16 Oct, 2015

LU and SVD

LU decomposition and singular value decomposition (SVD) are both techniques for solving systems of equations. They both solve problems of the form $A \mathbf x = b$, where $\mathbf x$ is the unknown. The difference is that SVD’s can handle matrices $A$ that are $m \times n$, whereas LU’s can typically only solve problems where $A$ is $n \times n$. Computationally, LU is simpler than SVD.

LU Decomposition

Every matrix $\underset{n \times n}{A}$ can be rewritten as $A=LU$, where $L$ and $U$ are lower and upper traingulars respectively. That is

\[L = \left[ \begin{array}{lll} 1 & 0 & 0 \\\\ L_{11} & 1 & 0 \\\\ L_{21} & L_{32} & 1 \\\\ \end{array} \right]\] \[U = \left[ \begin{array}{lll} U_{11} & U_{12} & U_{13} \\\\ 0 & U_{22} & U_{23} \\\\ 0 & 0 & U_{33} \\\\ \end{array} \right]\]

Solving for the values of $L$ and $U$ is trivial. The key of the LU decomp is noticing that $A\mathbf x = b \Rightarrow L(U\mathbf x) = b$. If we let $\mathbf y = U\mathbf x$, it becomes clear that we need to solve two easy systems of equations in order to solve for $\mathbf x$ $\begin{cases} \begin{array}{rcl} L\mathbf y &=& b \\\\ U\mathbf x &=& \mathbf y \\\\ \end{array} \end{cases}$ This means that we can first solve for $\mathbf y$ in $L\mathbf y = b$ where $\mathbf y = U\mathbf x$, and then solve for $\mathbf x$ in $U\mathbf x = \mathbf y$.

Singular Value Decomposition (SVD)

Suppose $\underset{n \times m}{A}$ can be rewritten as $USV^\dagger$, where $U,V$ are unitary (which implies that $U^\dagger = U^{-1}$, etc.) and have dimensions $n \times n$ and $m \times m$ respectively, and $\underset{n \times m}{S}$ is “diagonal” in the sense that the first $p=min(n,m)$ diagonal elements are not necessarily 0, but the remainder of the matrix is 0. This means that

\[\begin{array}{rcccl} A^\dagger A &=& VS^\dagger U^\dagger USV^\dagger &=& VS^\dagger SV^\dagger \\\\ A A^\dagger &=& USV^\dagger VS^\dagger U^\dagger &=& USS^\dagger U^\dagger \\\\ \end{array}\]

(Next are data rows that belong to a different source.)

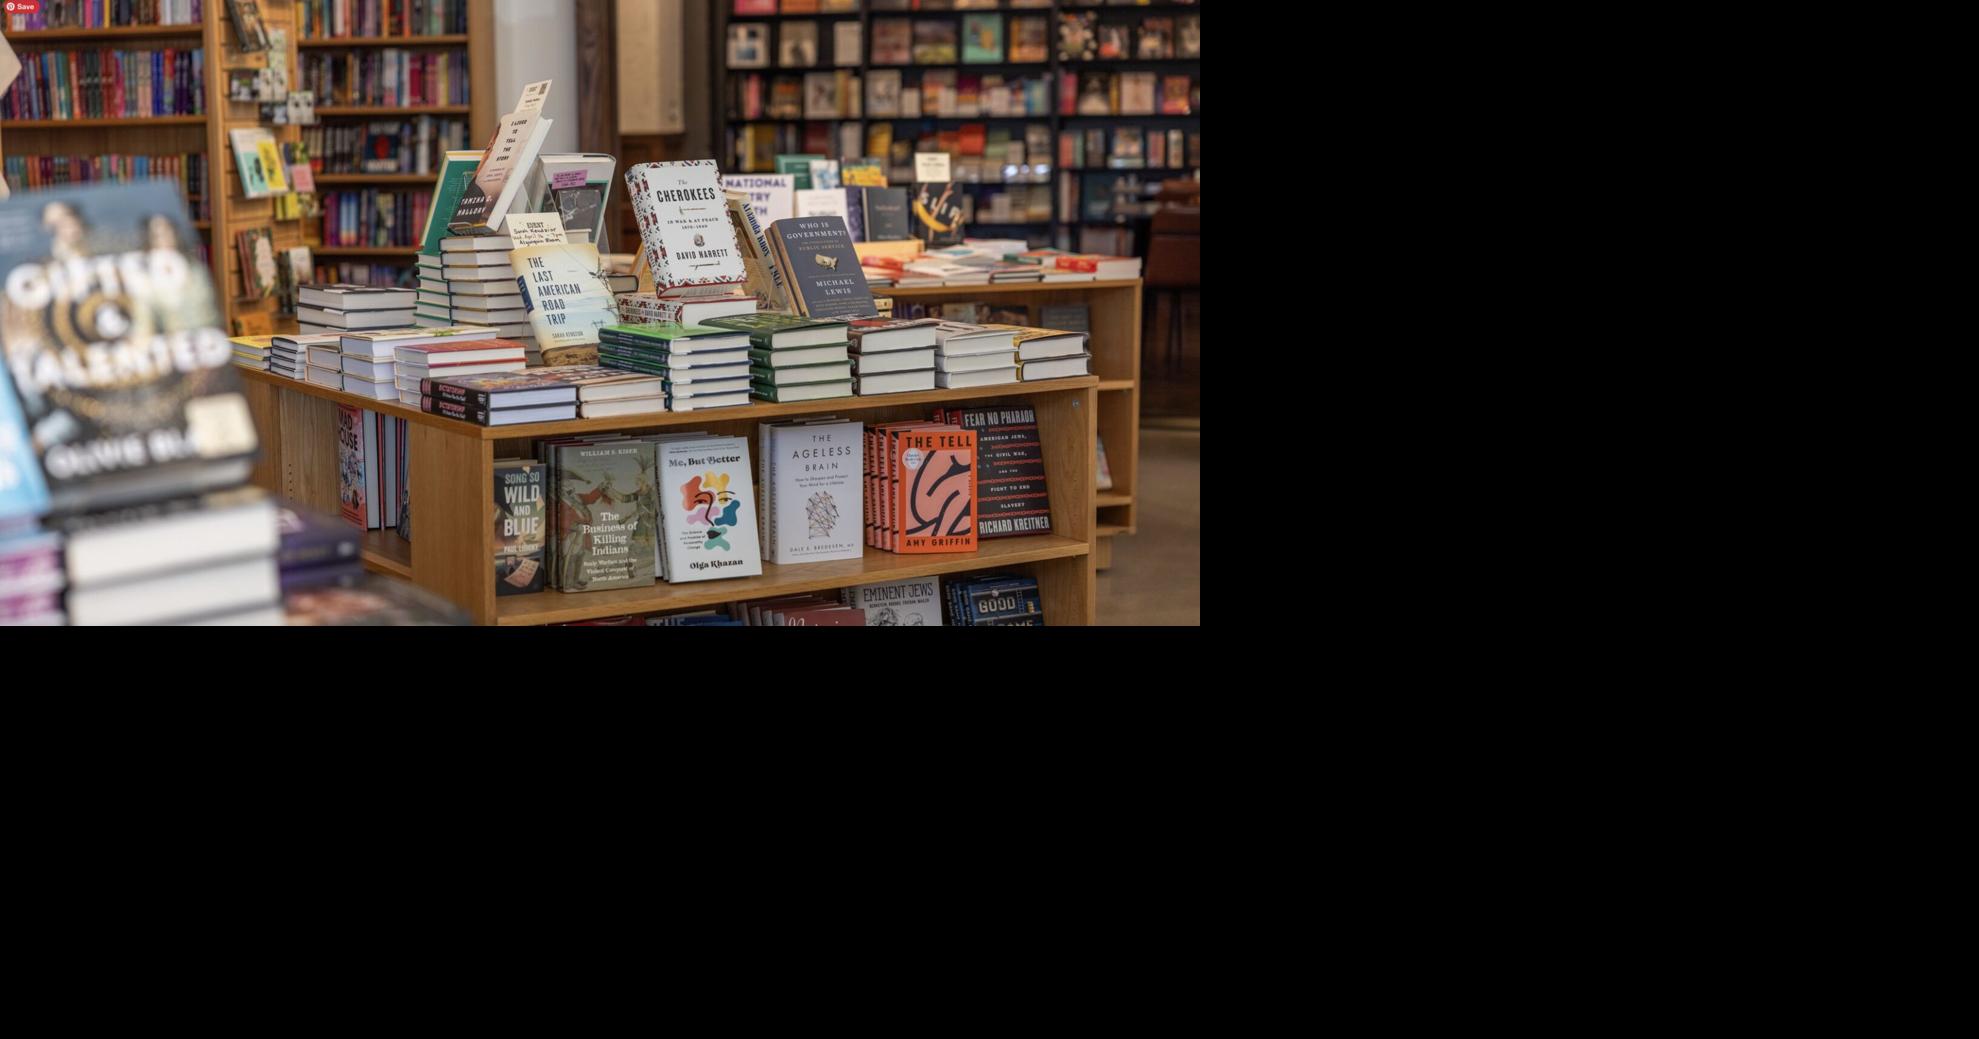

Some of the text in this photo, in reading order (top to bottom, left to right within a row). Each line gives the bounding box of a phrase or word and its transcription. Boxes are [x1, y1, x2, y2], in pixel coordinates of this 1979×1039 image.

[726, 178, 786, 188] NATIONAL
[656, 187, 716, 202] CHEROKEES
[456, 206, 487, 216] MALLORY
[786, 230, 847, 240] GOVERNMENT?
[676, 250, 697, 260] DAVID
[528, 257, 544, 268] THE
[532, 270, 554, 282] LAST
[816, 279, 855, 287] MICHAEL
[538, 284, 582, 297] AMERICAN
[825, 288, 852, 296] LEWIS
[542, 299, 566, 312] ROAD
[546, 313, 566, 326] TRIP
[964, 410, 1035, 427] FEAR NO PHARAOH
[906, 435, 972, 448] THE TELL
[792, 446, 851, 460] AGELESS
[668, 456, 740, 468] Me, But Better
[806, 462, 838, 472] BRAIN
[504, 472, 540, 484] SONG SO
[504, 485, 540, 504] WILD
[514, 505, 530, 516] AND
[600, 512, 620, 522] The
[504, 517, 538, 536] BLUE
[582, 520, 639, 534] Business of
[979, 516, 1050, 534] RICHARD KREITNER
[593, 534, 628, 545] Killing
[931, 538, 971, 546] GRIFFIN
[592, 545, 629, 556] Indians
[690, 559, 744, 570] Olga Khazan
[863, 585, 906, 602] EMINENT
[908, 582, 934, 598] JEWS
[978, 597, 1016, 613] GOOD

Recall that for a square matrix $X$, $X = WDW^\dagger = WDW^{-1}$, where $D$ is the diagonalization of $X$ where the diagonal elements are the eigenvalues of $X$, and $S$ is the normalized eigenvectors of $X$. This means that $S$ is also unitary. Then by simple but careful examination, we see that

$S^\dagger S$ and $SS^\dagger$ are “diagonal” (in the sense we said $S$ was diagonal above),
$V$ = normalized eigenvectors for $A^\dagger A$
$U$ = normalized eigenvectors for $AA^\dagger $
diag($S^\dagger S$) are the eigenvalues for $A^\dagger A$
diag($SS^\dagger $) are the eigenvalues for $AA^\dagger $.

The diagonal elements of $S^\dagger S$ and $SS^\dagger $ are $s_1^2,…,s_p^2$. And the singular values for $A$ are $s_1,…,s_p$. Conventionall, the $s_i$’s are arranged such that $s_1>s_2>…>s_p$. And these become the “diagonal” elements of $S$.

Now, we note that $A\mathbf x = b \Rightarrow USV^\dagger \mathbf x= b$. We can estimate $\mathbf x$ with $\hat x = A^-b = (USV^\dagger)^-b = V\bar{S}U^\dagger b$, where $\bar{S}$ is the “inverse” of $S$, computed by transposing $S$ and inverting the non-zero elements (which only occur on the diagonal). Here, I refer you to Mathematical Methods for Physics and Engineering, by Riley, Hobson and Bence (see chapter 8.18.3) for the proof that this is the least squares estimate for $x$.